--- INPUT MATERIAL Enclosed Below ---
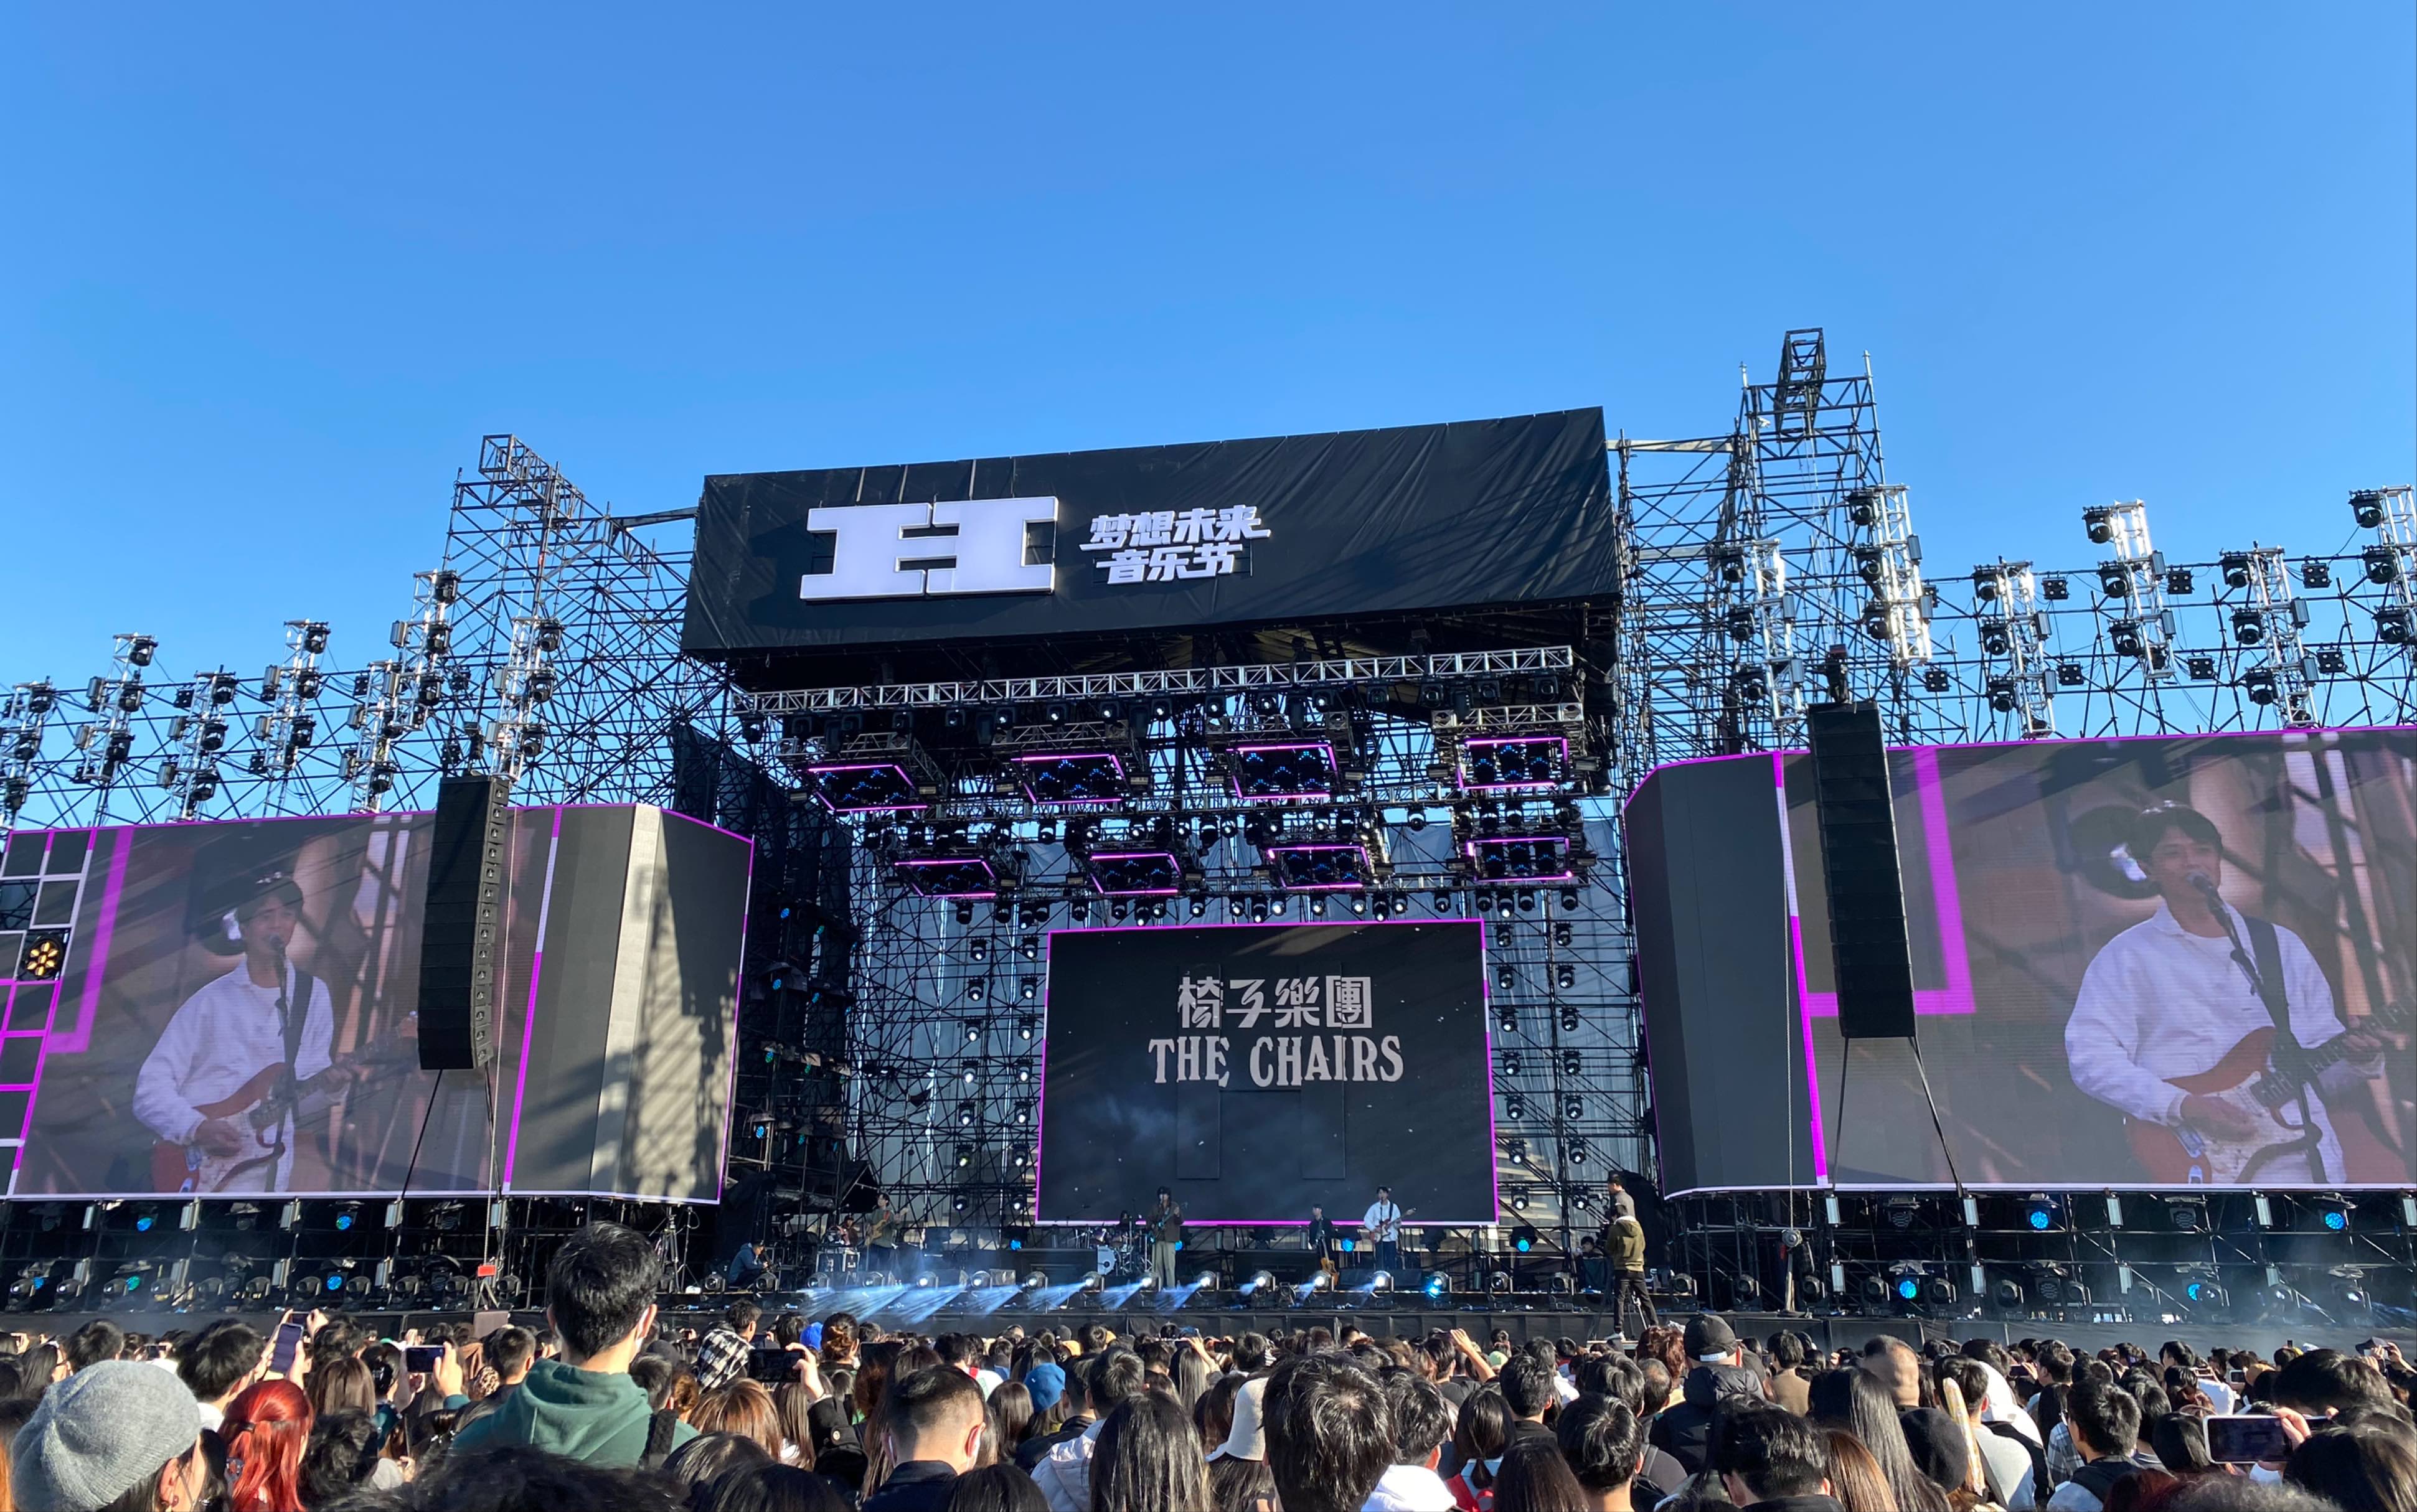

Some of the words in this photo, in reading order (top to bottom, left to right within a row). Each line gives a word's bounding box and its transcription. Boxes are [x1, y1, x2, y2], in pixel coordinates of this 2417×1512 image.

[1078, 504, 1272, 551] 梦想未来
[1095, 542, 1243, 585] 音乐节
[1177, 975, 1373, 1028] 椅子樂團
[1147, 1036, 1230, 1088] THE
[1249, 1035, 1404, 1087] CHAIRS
--- End of Enclosed INPUT MATERIAL ---
ACTION ITEM =>
Repeat, word for word, each of the records, omitting any image they hold.

YOUR SOLUTION =>
Some of the words in this photo, in reading order (top to bottom, left to right within a row). Each line gives a word's bounding box and its transcription. Boxes are [x1, y1, x2, y2], in pixel coordinates of this 2417×1512 image.

[1078, 504, 1272, 551] 梦想未来
[1095, 542, 1243, 585] 音乐节
[1177, 975, 1373, 1028] 椅子樂團
[1147, 1036, 1230, 1088] THE
[1249, 1035, 1404, 1087] CHAIRS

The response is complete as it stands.